------ Given data

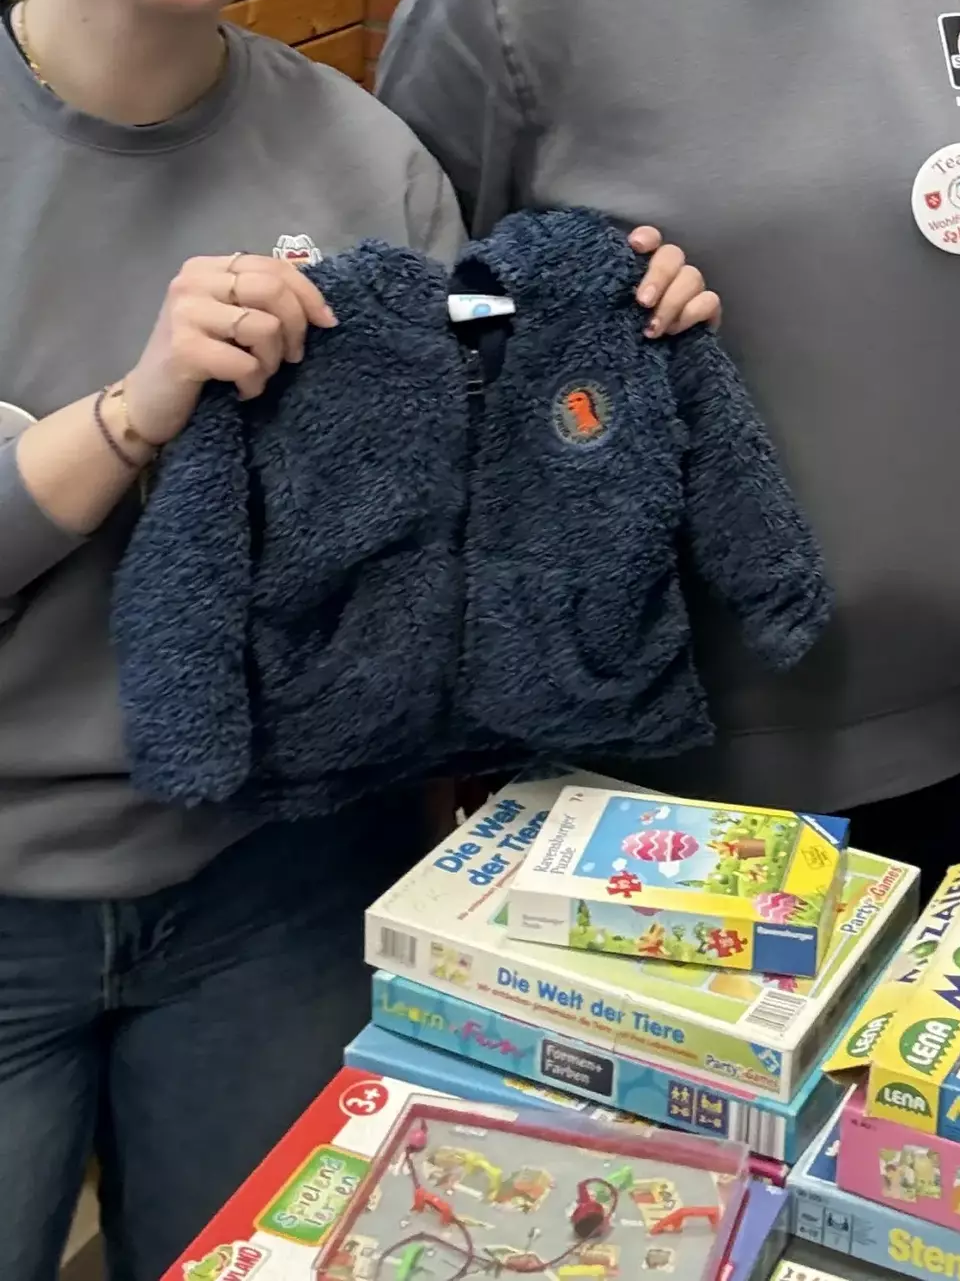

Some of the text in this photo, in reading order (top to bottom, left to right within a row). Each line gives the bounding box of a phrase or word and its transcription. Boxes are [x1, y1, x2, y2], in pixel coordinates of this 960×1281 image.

[433, 799, 526, 874] Die Welt
[533, 814, 577, 873] Ravensburger
[467, 853, 511, 886] der
[550, 847, 576, 874] Puzzle
[840, 866, 903, 934] Party Games
[497, 967, 530, 994] Die
[537, 980, 584, 1011] Welt
[590, 998, 626, 1024] der
[632, 1010, 685, 1044] Tiere
[851, 1016, 887, 1055] LENA
[905, 1020, 953, 1066] LENA
[345, 1087, 381, 1113] 3+
[883, 1087, 926, 1112] LENA
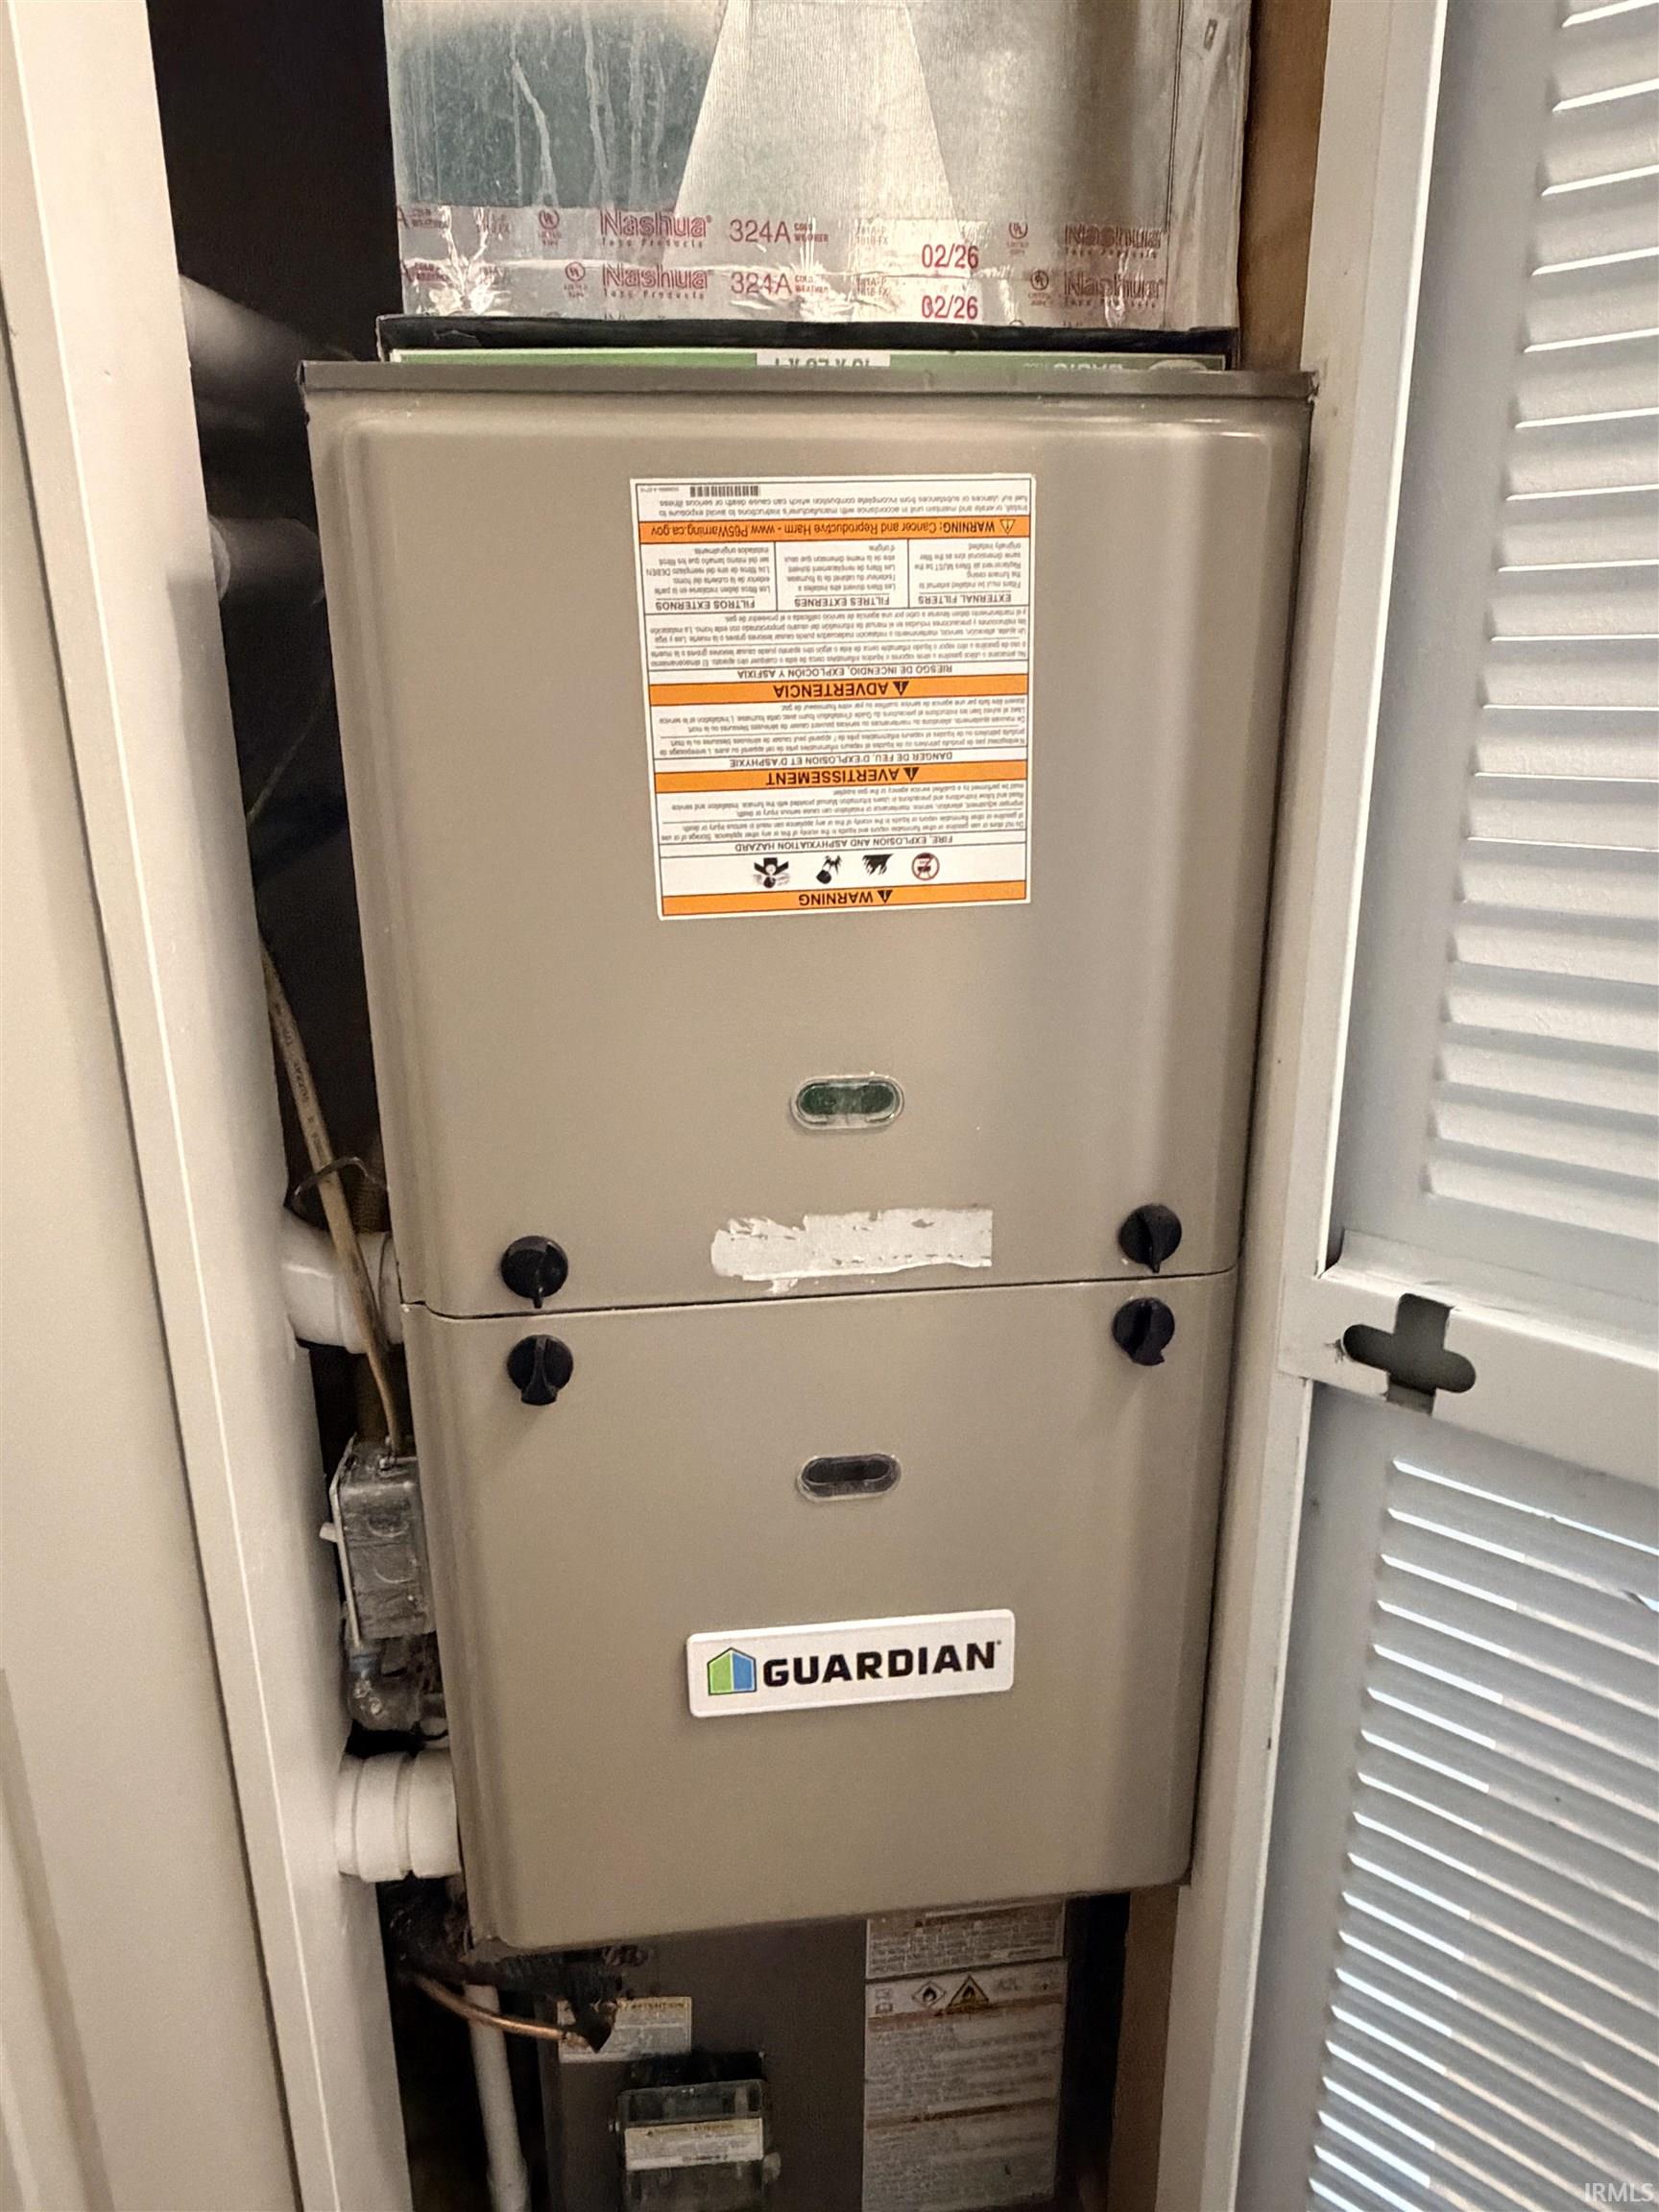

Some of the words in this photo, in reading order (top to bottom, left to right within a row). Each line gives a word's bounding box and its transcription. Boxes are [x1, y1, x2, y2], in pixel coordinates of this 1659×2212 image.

------------

▸ **Directions for this task**: Repeat the data word for word; drop the pictures.

▸ **Result**:
Some of the text in this photo, in reading order (top to bottom, left to right within a row). Each line gives the bounding box of a phrase or word and its transcription. Boxes are [x1, y1, x2, y2], in pixel coordinates of this 960×1281 image.

[433, 799, 526, 874] Die Welt
[533, 814, 577, 873] Ravensburger
[467, 853, 511, 886] der
[550, 847, 576, 874] Puzzle
[840, 866, 903, 934] Party Games
[497, 967, 530, 994] Die
[537, 980, 584, 1011] Welt
[590, 998, 626, 1024] der
[632, 1010, 685, 1044] Tiere
[851, 1016, 887, 1055] LENA
[905, 1020, 953, 1066] LENA
[345, 1087, 381, 1113] 3+
[883, 1087, 926, 1112] LENA

Some of the words in this photo, in reading order (top to bottom, left to right within a row). Each line gives a word's bounding box and its transcription. Boxes are [x1, y1, x2, y2], in pixel coordinates of this 1659×2212 image.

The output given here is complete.